#### SOURCE DATA:
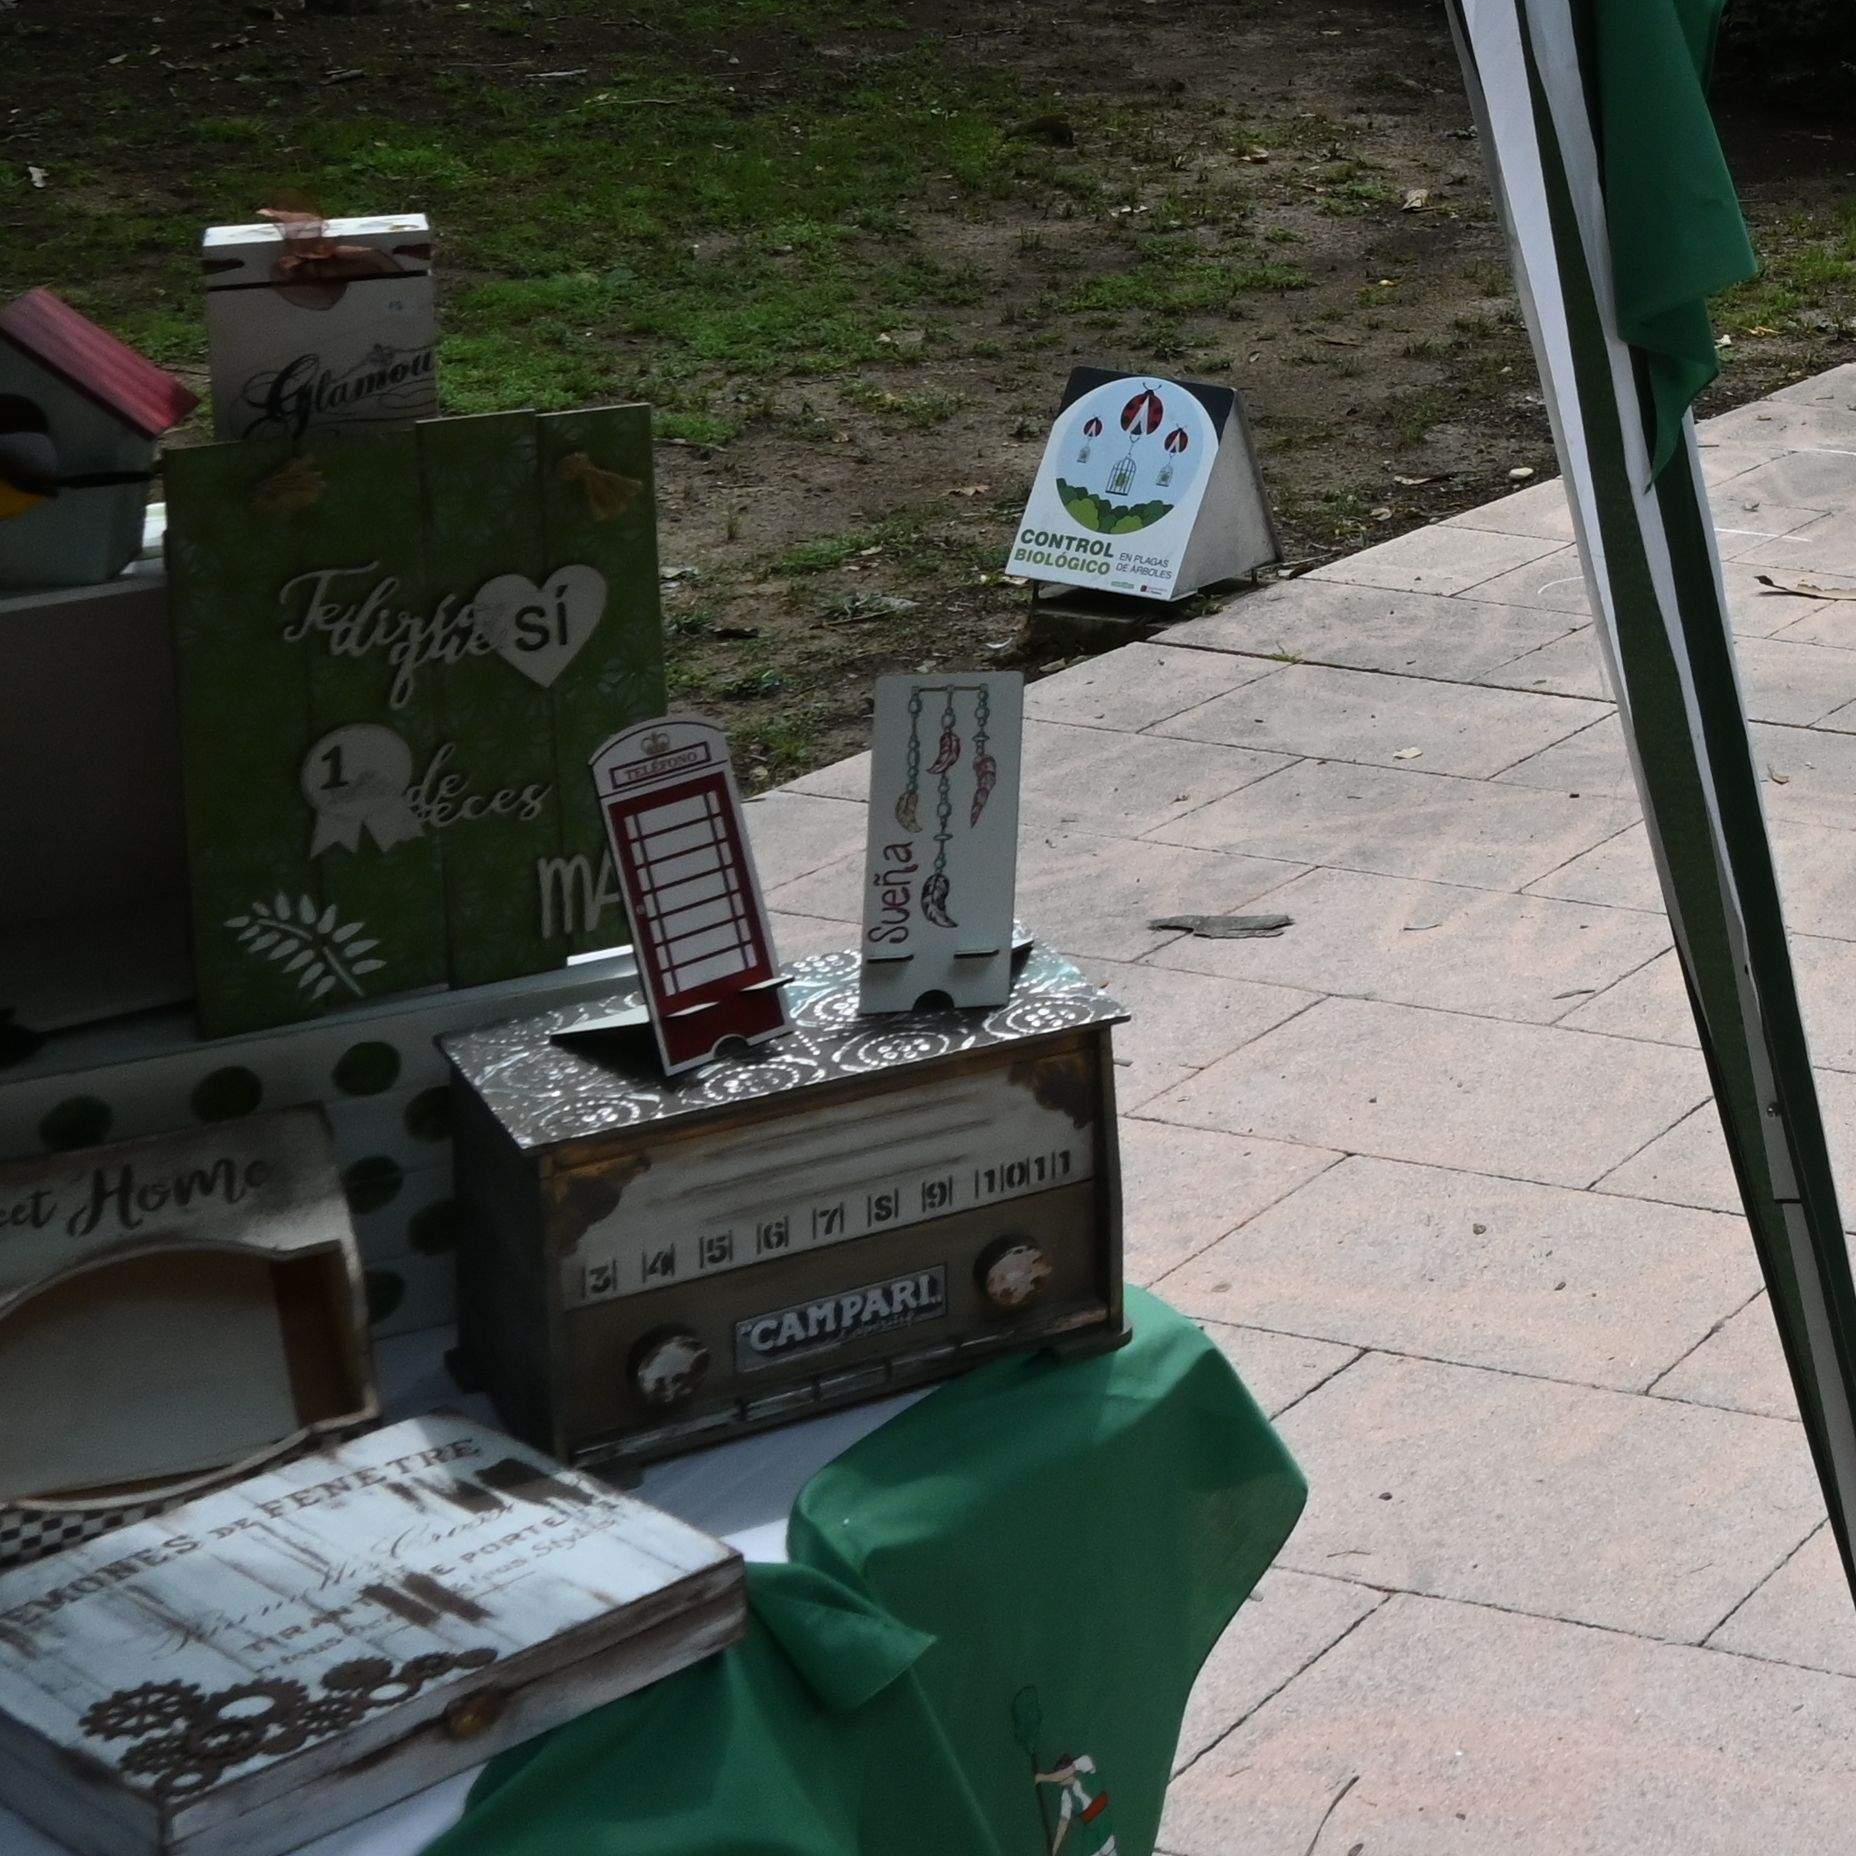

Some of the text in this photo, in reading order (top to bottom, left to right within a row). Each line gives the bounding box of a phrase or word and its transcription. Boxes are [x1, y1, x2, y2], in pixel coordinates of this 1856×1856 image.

[1021, 529, 1114, 558] CONTROL
[1014, 548, 1111, 575] BIOLÓGICO
[1116, 563, 1129, 572] DE
[1119, 553, 1170, 568] EN PLAGAS
[868, 841, 920, 944] Sueña
[66, 1158, 275, 1237] Home
[750, 1274, 936, 1352] CAMPARI

#### THE TASK:
Repeat every record exactly, but not the pictures.

#### RESPONSE BELOW:
Some of the text in this photo, in reading order (top to bottom, left to right within a row). Each line gives the bounding box of a phrase or word and its transcription. Boxes are [x1, y1, x2, y2], in pixel coordinates of this 1856×1856 image.

[1021, 529, 1114, 558] CONTROL
[1014, 548, 1111, 575] BIOLÓGICO
[1116, 563, 1129, 572] DE
[1119, 553, 1170, 568] EN PLAGAS
[868, 841, 920, 944] Sueña
[66, 1158, 275, 1237] Home
[750, 1274, 936, 1352] CAMPARI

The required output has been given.